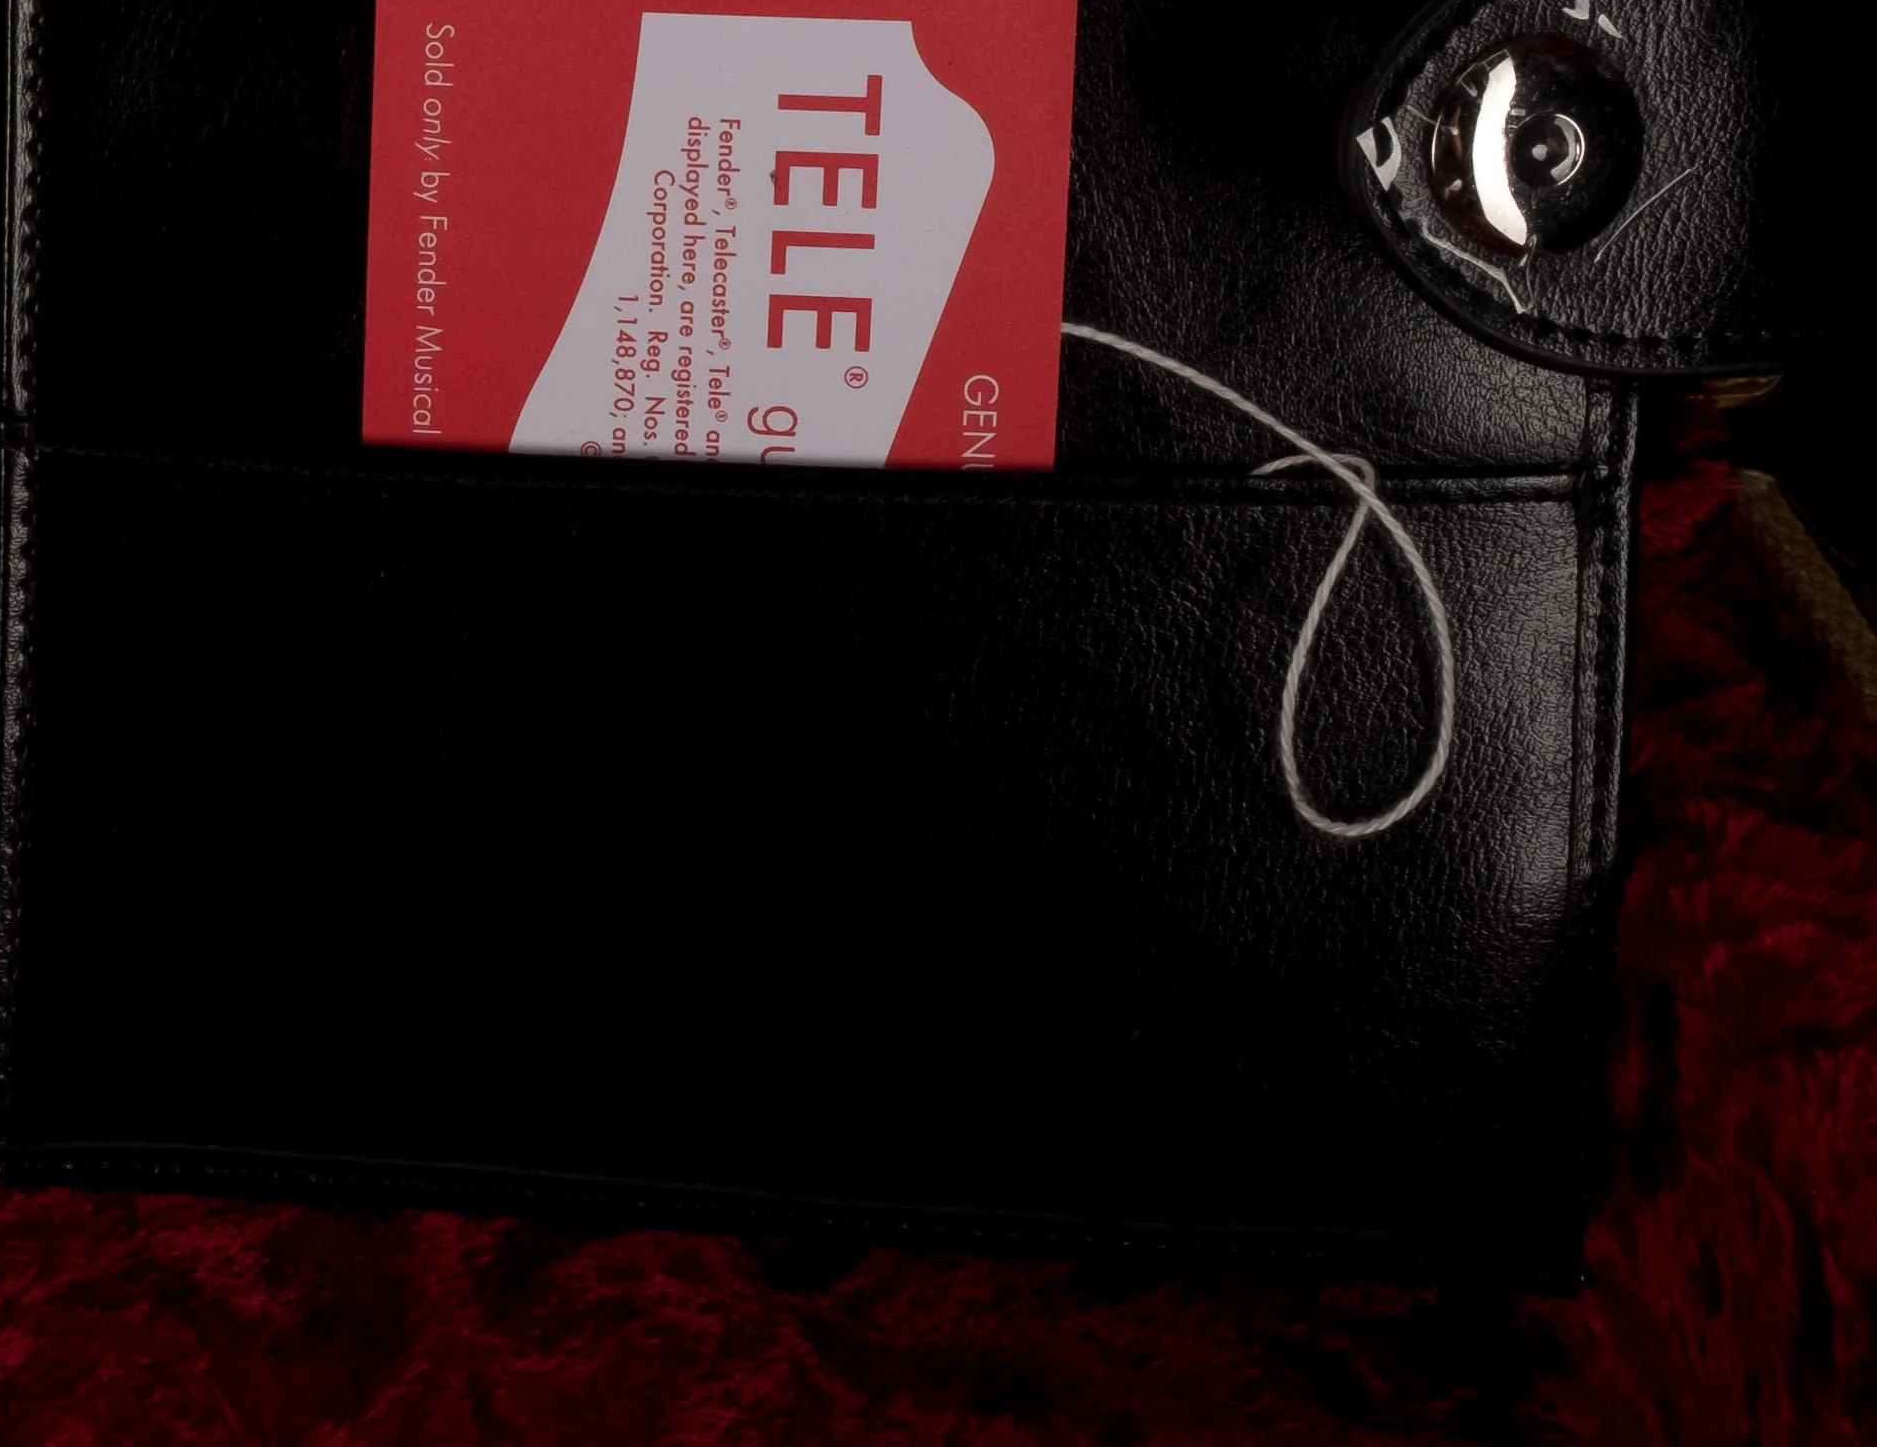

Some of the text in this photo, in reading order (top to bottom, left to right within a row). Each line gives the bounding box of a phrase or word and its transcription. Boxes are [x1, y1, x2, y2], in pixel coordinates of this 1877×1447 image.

[413, 23, 455, 433] Sold only by Fender Musical
[641, 171, 675, 445] Corporation. Reg. Nos.
[671, 117, 710, 456] displayed here, are registered
[610, 294, 638, 456] 1,148,870; an
[705, 430, 722, 461] an

= Your instructions =
Output the lines above in full and exactly as given, omitting any pictures.

= Exercise output =
Some of the text in this photo, in reading order (top to bottom, left to right within a row). Each line gives the bounding box of a phrase or word and its transcription. Boxes are [x1, y1, x2, y2], in pixel coordinates of this 1877×1447 image.

[413, 23, 455, 433] Sold only by Fender Musical
[641, 171, 675, 445] Corporation. Reg. Nos.
[671, 117, 710, 456] displayed here, are registered
[610, 294, 638, 456] 1,148,870; an
[705, 430, 722, 461] an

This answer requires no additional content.